After the conclusion of mandatory minicamps in the middle of June, the National Football League normally takes a break. The week after the Fourth of July is typically when things get back to normal after the holiday break. During this time, there isn’t much going on in terms of business for the NFL.
Here is a rundown of some of the most important unfinished business from the summer, some of which ought to be wrapped up before the start of training camps later this month.
In the latter half of June, a disciplinary hearing that lasted for three days was held to evaluate whether or not Watson had violated the NFL’s Personal Conduct Policy by engaging in allegedly inappropriate sexual conduct during a number of massage sessions. The deadline for post-hearing briefs was July 12th. It is possible that disciplinary officer Sue L. Robinson, a retired judge from the United States District Court, will issue a judgement at any time, but it is anticipated that the decision will be made before the Browns begin training camp on July 27.
The received wisdom indicates that the Browns quarterback will be suspended for a minimum of six games and possibly up to a full year. Because of the disciplinary action that was taken, both parties have the opportunity to file an appeal within three business days, provided that Robinson finds that a policy violation occurred. Robinson’s sentence might be increased, decreased, or kept the same depending on the outcome of the appeal, which would be presided over by Commissioner Roger Goodell or someone else he names as his designee.
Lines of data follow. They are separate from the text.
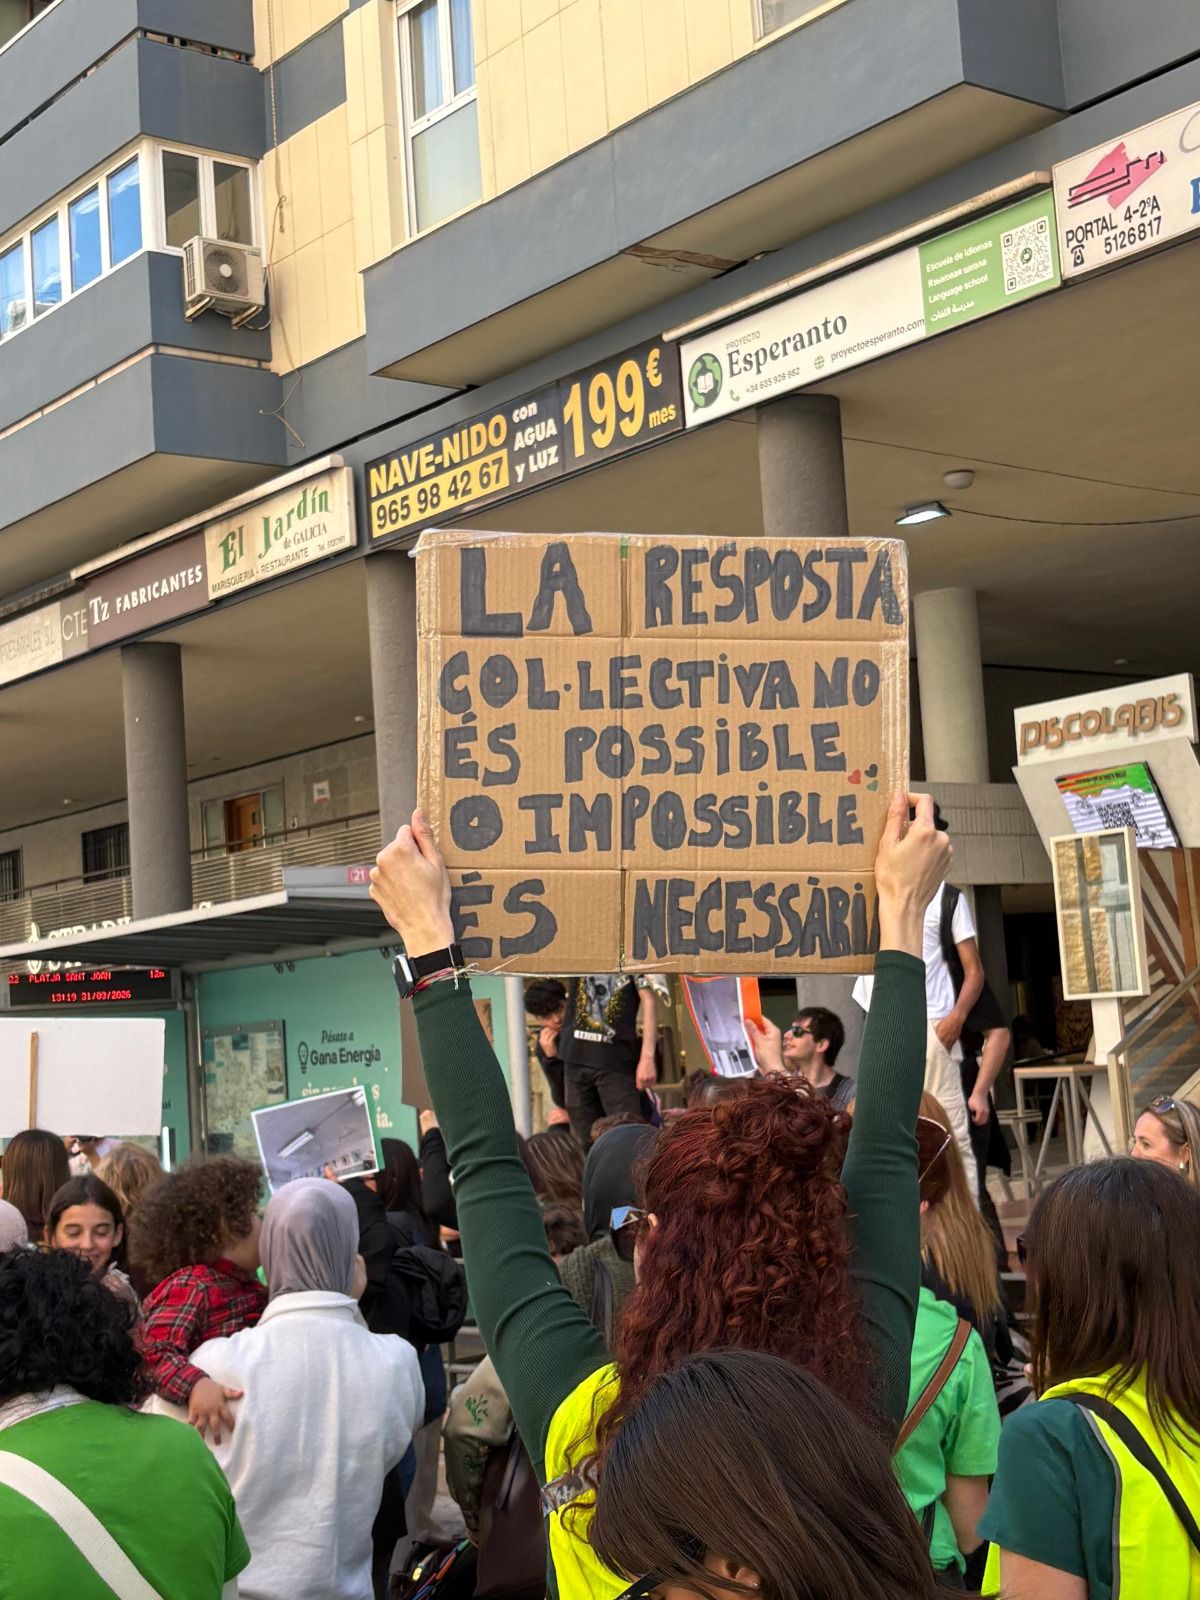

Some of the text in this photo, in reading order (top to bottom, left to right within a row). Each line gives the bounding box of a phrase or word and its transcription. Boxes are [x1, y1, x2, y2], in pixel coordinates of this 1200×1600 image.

[1066, 213, 1118, 248] PORTAL
[1104, 216, 1162, 254] 5126817
[926, 240, 992, 273] Escuela de idiomas
[928, 273, 988, 303] Language school
[726, 330, 761, 350] PROYECTO
[727, 315, 848, 378] Esperanto
[830, 318, 925, 363] proyectoesperanto.com
[512, 401, 538, 424] con
[649, 403, 676, 429] mes
[513, 418, 558, 451] AGUA
[370, 414, 508, 498] NAVE-NIDO
[515, 445, 559, 484] y LUZ
[376, 456, 504, 531] 965 98 42 67
[218, 485, 332, 575] El Jardín
[283, 522, 328, 550] de GALICIA
[116, 564, 203, 614] FABRICANTES
[211, 570, 256, 593] MARISQUERIA
[260, 547, 309, 575] RESTAURANTE
[460, 541, 904, 637] LA RESPOSTA
[813, 657, 880, 708] NO
[444, 711, 521, 787] ÉS
[450, 794, 503, 851] O
[450, 871, 558, 958] ÉS
[29, 973, 61, 983] PLATJA
[65, 972, 85, 982] SANT
[90, 971, 111, 981] JOAN
[51, 990, 131, 1003] 13:19 31/03/2026
[310, 1043, 381, 1068] Gana Energía
[321, 1029, 355, 1044] Pásate a
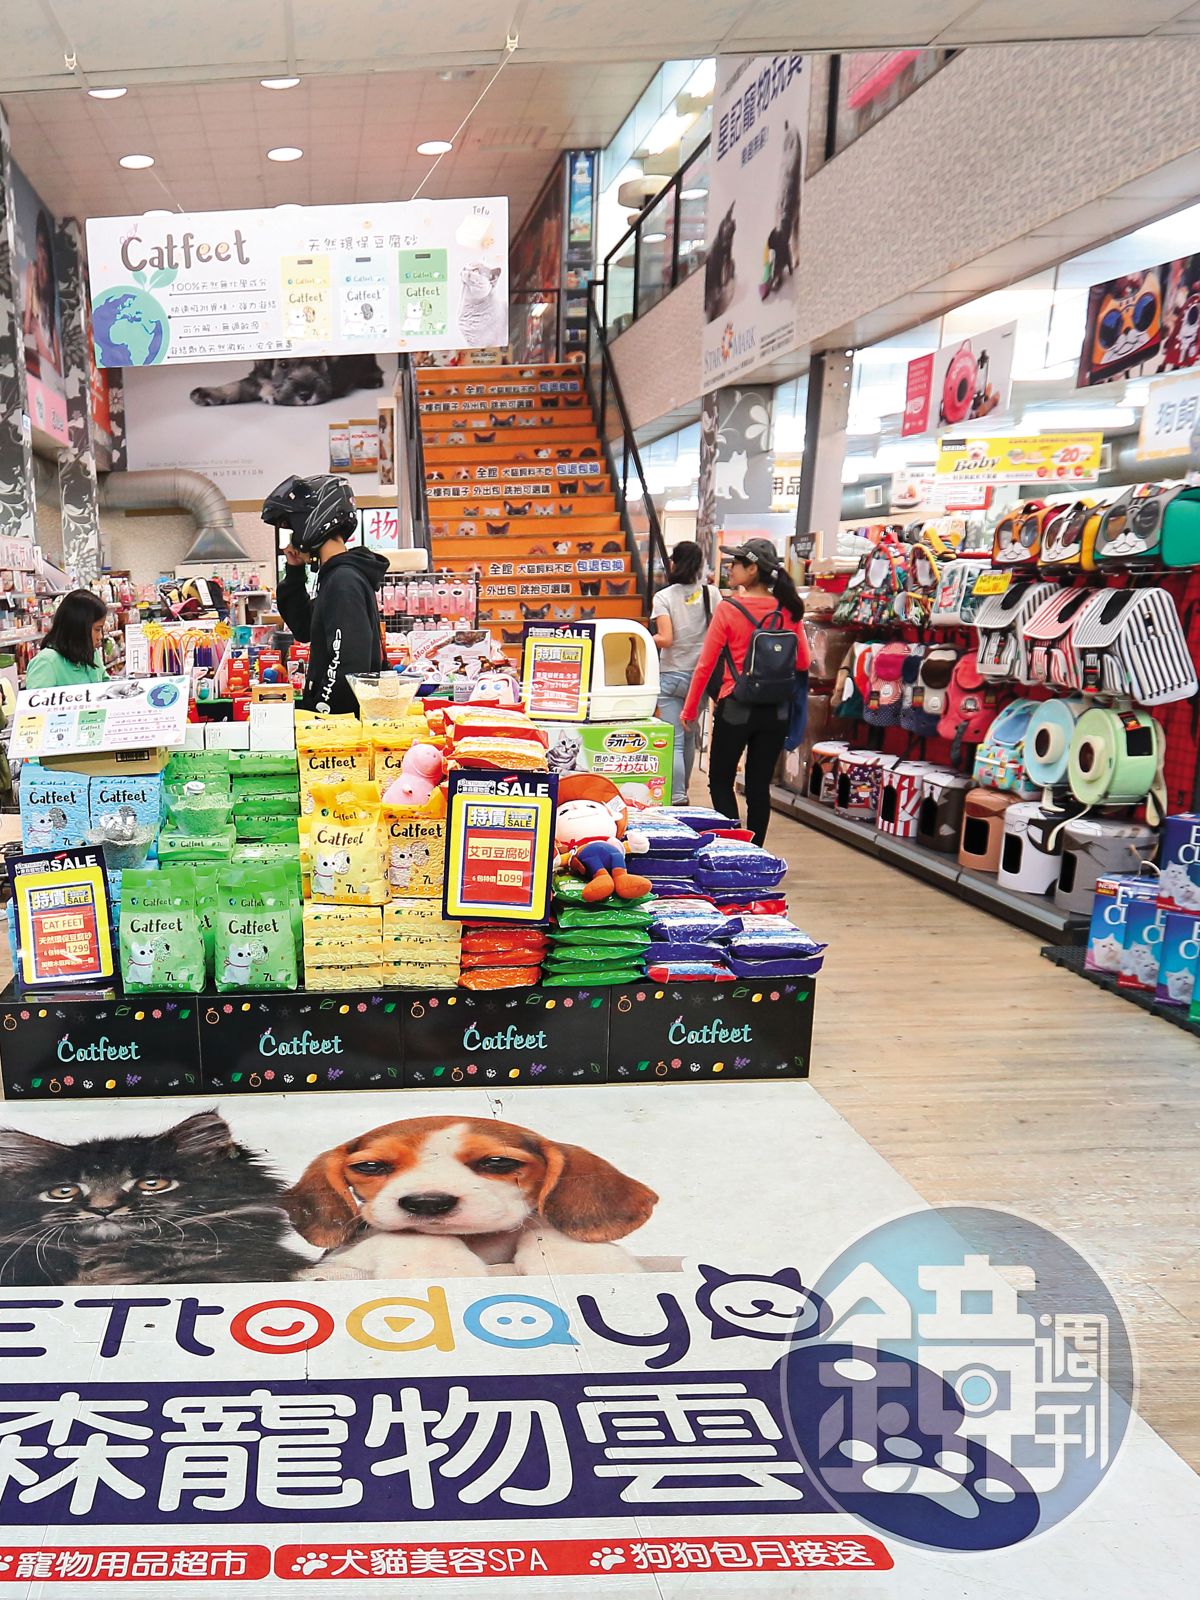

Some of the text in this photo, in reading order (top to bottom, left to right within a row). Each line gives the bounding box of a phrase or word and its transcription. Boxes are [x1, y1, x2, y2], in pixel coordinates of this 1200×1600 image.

[120, 229, 251, 272] Catfeet
[490, 564, 513, 575] 全館
[576, 559, 625, 573] 包退包換
[486, 586, 517, 597] 外出包
[555, 629, 590, 639] SALE
[28, 689, 92, 708] Catfeet
[607, 738, 646, 748] デオトイレ
[308, 755, 357, 770] Catfeet
[99, 789, 148, 804] Catfeet
[496, 781, 550, 797] SALE
[29, 790, 78, 805] Catfeet
[470, 807, 506, 828] 特價
[507, 819, 532, 828] SALE
[390, 822, 443, 838] Catfeet
[62, 837, 74, 847] 7L
[316, 829, 364, 847] Catfeet
[468, 845, 531, 860] 艾可豆腐砂
[50, 854, 98, 872] SALE
[422, 875, 434, 885] 7L
[497, 872, 522, 884] 1099
[345, 884, 357, 894] 7L
[68, 895, 89, 905] SALE
[43, 917, 83, 930] CAT FEET
[130, 917, 183, 933] Catfeet
[228, 918, 279, 935] Catfeet
[67, 943, 89, 954] 1299
[165, 971, 176, 981] 7L
[263, 972, 275, 982] 7L
[462, 1026, 549, 1053] Catfeet
[667, 1020, 753, 1047] Catfeet
[57, 1036, 141, 1062] Catfeet
[258, 1032, 343, 1058] Catfeet
[329, 1546, 548, 1576] 犬貓美容SPA
[631, 1540, 876, 1571] 狗狗包月接送
[16, 1549, 247, 1578] 寵物用品超市
If Watson receives a ban that lasts for the entirety of the 2022 regular season or longer, the fully guaranteed, five-year, $230 million contract that he signed as part of the March trade that sent him from the Texans to the Ravens will become null and void. In essence, Watson’s contract would be put on hold until 2023, at which point it would resume with tolling. This means that the year of his deal that was originally scheduled to begin in 2022 would now begin in 2023, and additional years in the contract would similarly be moved back by one year. Instead of Watson’s contract being up for renewal following the 2026 season, it would be done so following the 2027 season.
If the suspension was shorter, there would be no need for tolling. Since Watson’s base salary in 2022 is set to be $1.035 million, he will suffer a loss of $57,500 (which is equivalent to one-eighteenth of the $1.035 million) for every week that he is suspended. However, this only applies to the employee’s base compensation throughout the suspension period.
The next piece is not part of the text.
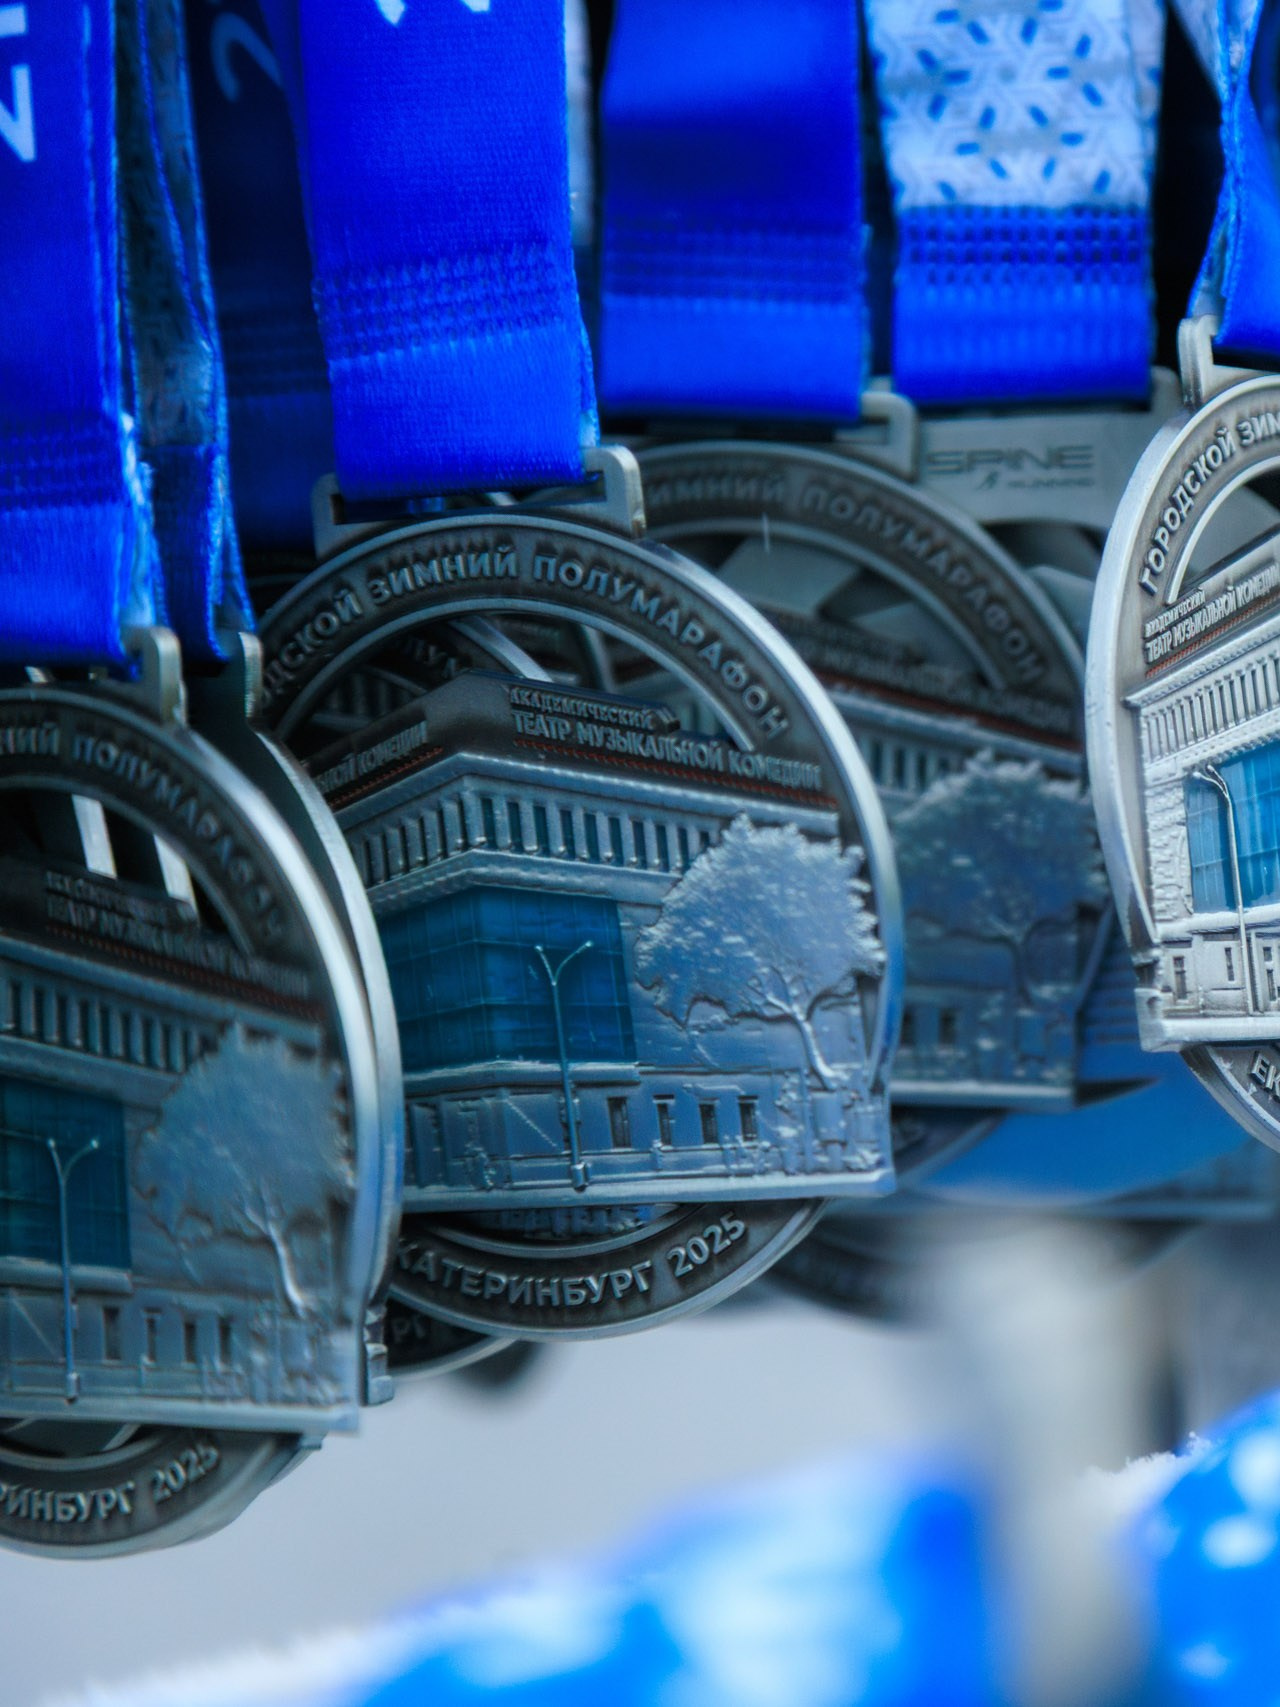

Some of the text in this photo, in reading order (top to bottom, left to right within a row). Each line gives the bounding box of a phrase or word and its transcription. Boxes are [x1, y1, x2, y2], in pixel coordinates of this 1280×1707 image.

Because of the way the contract is written, Watson’s signing bonus of $44.965 million, which he received as part of the deal, will not be at risk in any of the two possible outcomes. In any scenario, Watson’s pay guarantees won’t be rendered null and void.
When it comes to signing a new deal, Jackson has kept his negotiation strategies private from the public eye. Under the terms of his fifth year option, which is worth $23.016 million, he is slated to participate in the 2022 season. Over the course of Jackson’s annual Funday with LJ event, which took place over the weekend in South Florida, he was a little more candid than usual. He expressed to Safid Deen of USA Today that he was looking forward to signing a new contract before the start of training camp and that he did not intend to hold out.
Jackson, who represents himself in this matter, aroused eyebrows when he uploaded a picture to his social media sites that contained the words “I need $.” He asserted that it was not a message to the Ravens regarding his upcoming deal. Instead, he mentioned that it was from the movie “How High,” which is one of his favourites, and that he found the photo to be humorous.
Regardless of the circumstances, Jackson would be within his rights to insist on a fully guaranteed contract on par with Watson’s. Jackson has a greater amount of experience than Watson. In 2019, the year he was named Most Valuable Player of the NFL, he set a new single-season record for most rushing yards by a quarterback with 1,206 yards, and he also led the league in touchdown passes with 36. Watson has never even been selected for the first team All-Pro, much less won the NFL MVP award. There are also no worries regarding Jackson’s behaviour while he is not on the field of play.